HOW TO COMPLETE THIS TASK
Return all of the data below verbatim and exclude every picture.

EXTRACTED DATA
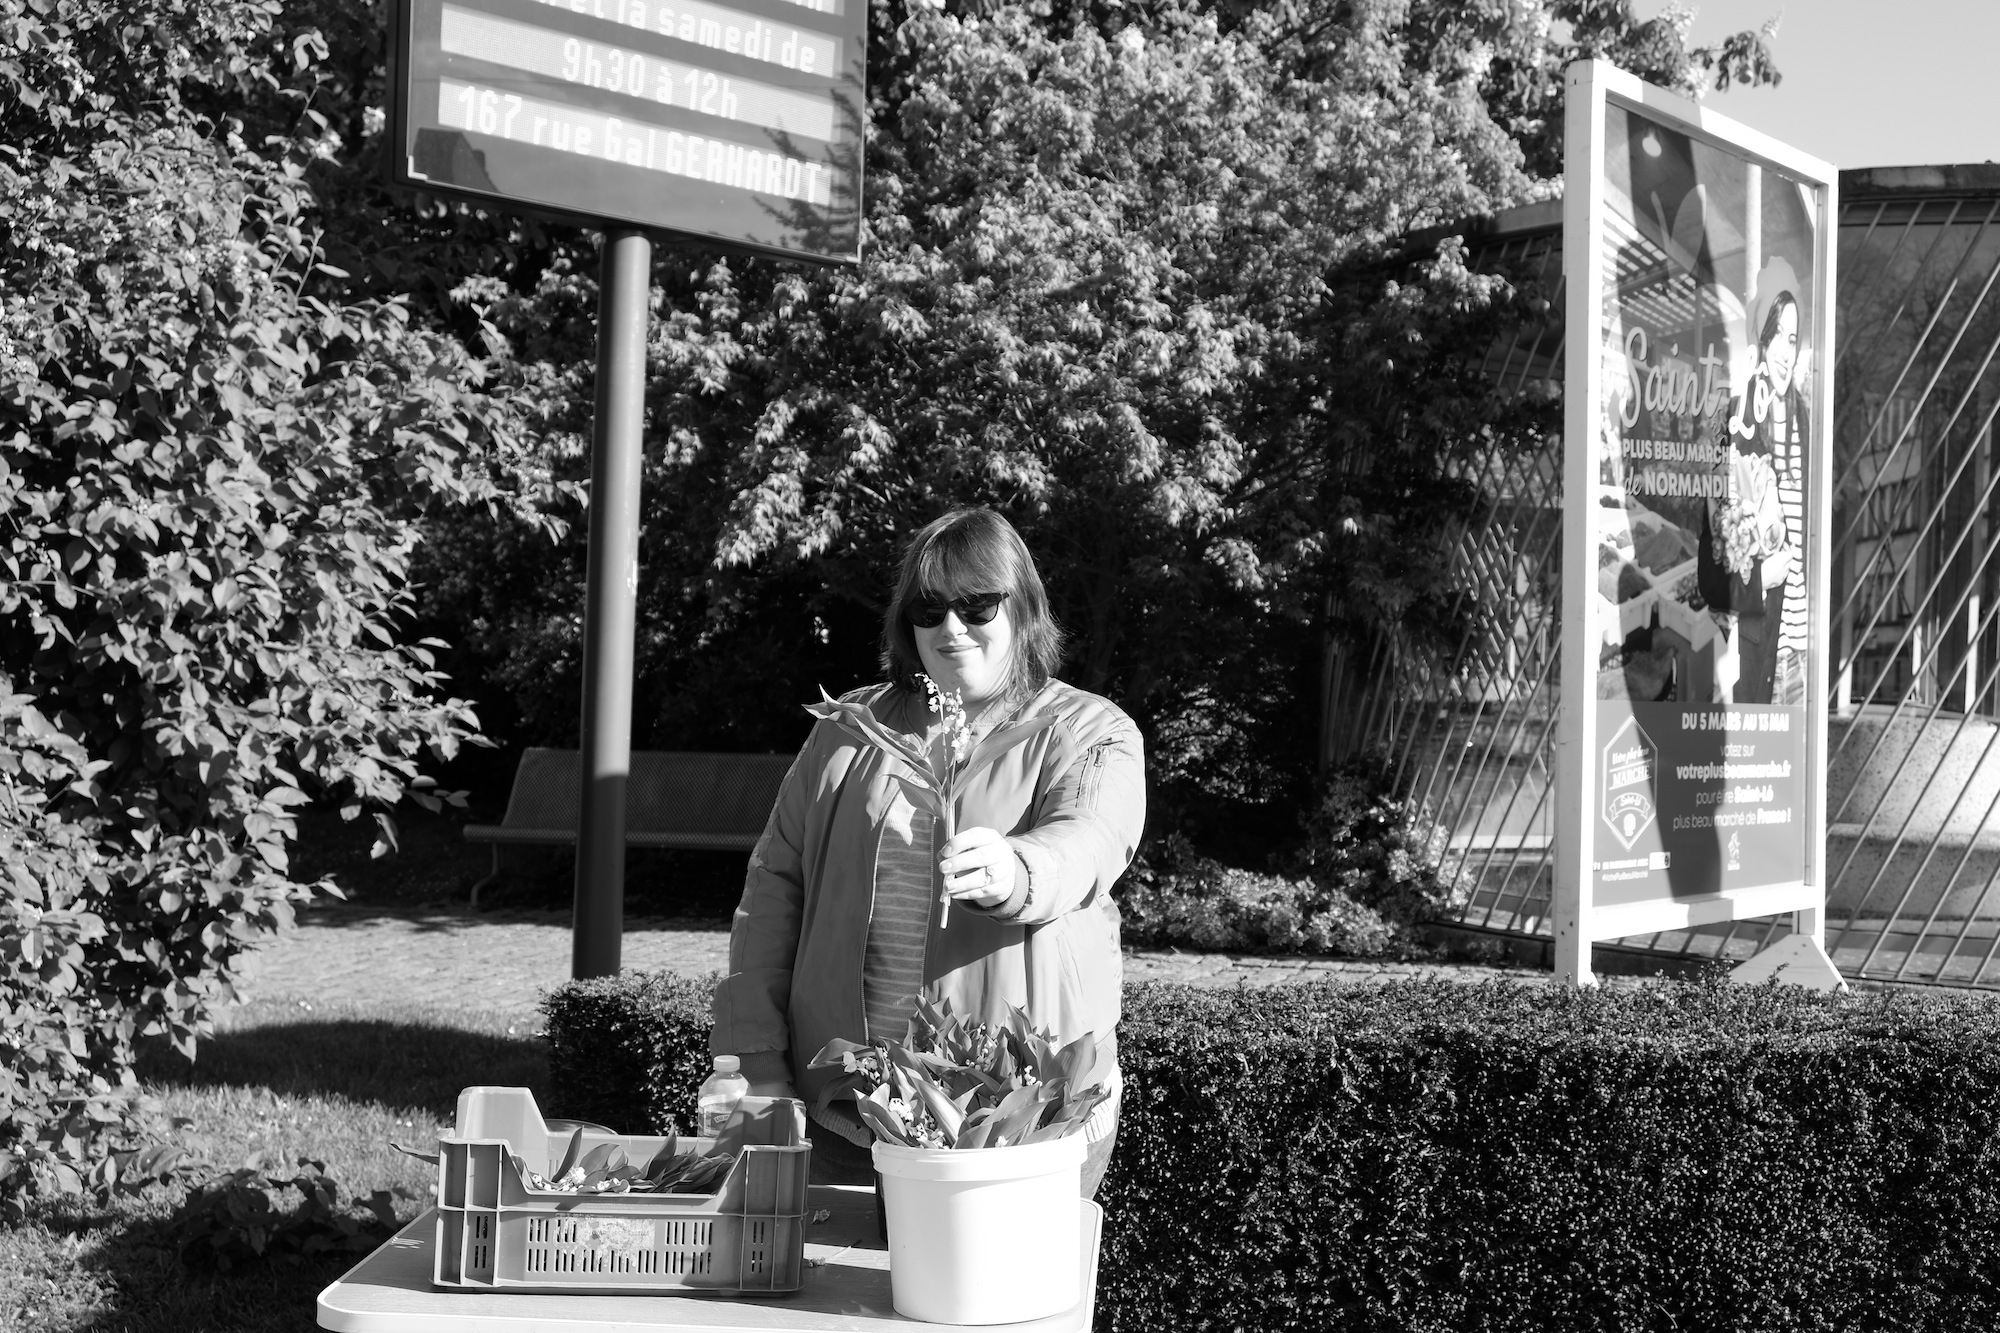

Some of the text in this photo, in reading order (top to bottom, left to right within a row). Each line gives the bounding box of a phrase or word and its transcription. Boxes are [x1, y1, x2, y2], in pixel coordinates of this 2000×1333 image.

[617, 0, 646, 29] la
[658, 7, 772, 62] samedi
[781, 31, 816, 74] de
[562, 37, 737, 120] 9h30 à 12h
[459, 86, 822, 203] 167 rue Gal GERHARDT
[1622, 438, 1653, 459] PLUS
[1654, 440, 1685, 461] BEAU
[1624, 466, 1738, 498] de NORMANDIE
[1682, 711, 1789, 732] DU 5 MARS AU 13 MAI
[1720, 743, 1756, 757] votez sur
[1676, 760, 1792, 783] votreplusbeaumarche.fr
[1696, 792, 1716, 807] pour
[1734, 784, 1774, 803] Saint-Lô
[1673, 815, 1691, 832] plus
[1691, 814, 1713, 828] beau
[1714, 811, 1745, 827] marché
[1745, 811, 1756, 825] de
[1757, 807, 1787, 824] France
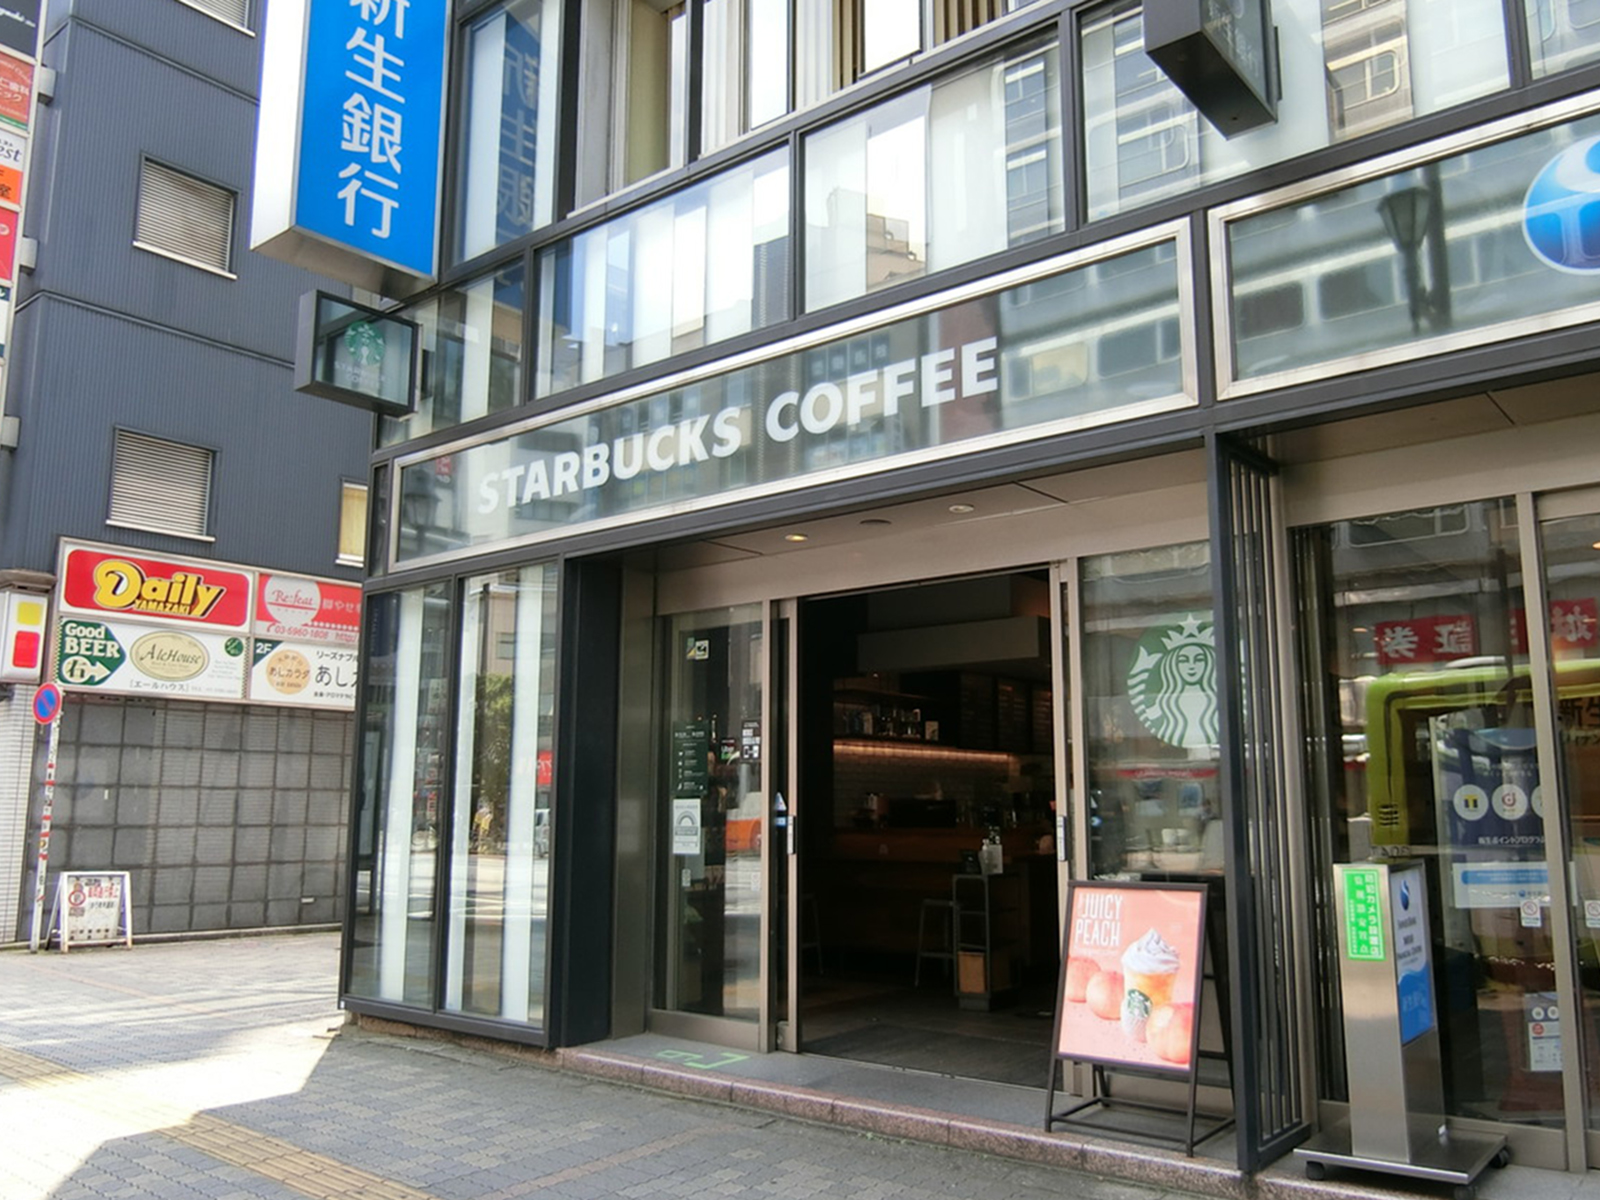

ANSWER BOX
Some of the text in this photo, in reading order (top to bottom, left to right within a row). Each line gives the bounding box of a phrase or word and its transcription. Boxes are [x1, y1, x2, y2], in pixel coordinates of this 2000×1333 image.

[617, 0, 646, 29] la
[658, 7, 772, 62] samedi
[781, 31, 816, 74] de
[562, 37, 737, 120] 9h30 à 12h
[459, 86, 822, 203] 167 rue Gal GERHARDT
[1622, 438, 1653, 459] PLUS
[1654, 440, 1685, 461] BEAU
[1624, 466, 1738, 498] de NORMANDIE
[1682, 711, 1789, 732] DU 5 MARS AU 13 MAI
[1720, 743, 1756, 757] votez sur
[1676, 760, 1792, 783] votreplusbeaumarche.fr
[1696, 792, 1716, 807] pour
[1734, 784, 1774, 803] Saint-Lô
[1673, 815, 1691, 832] plus
[1691, 814, 1713, 828] beau
[1714, 811, 1745, 827] marché
[1745, 811, 1756, 825] de
[1757, 807, 1787, 824] France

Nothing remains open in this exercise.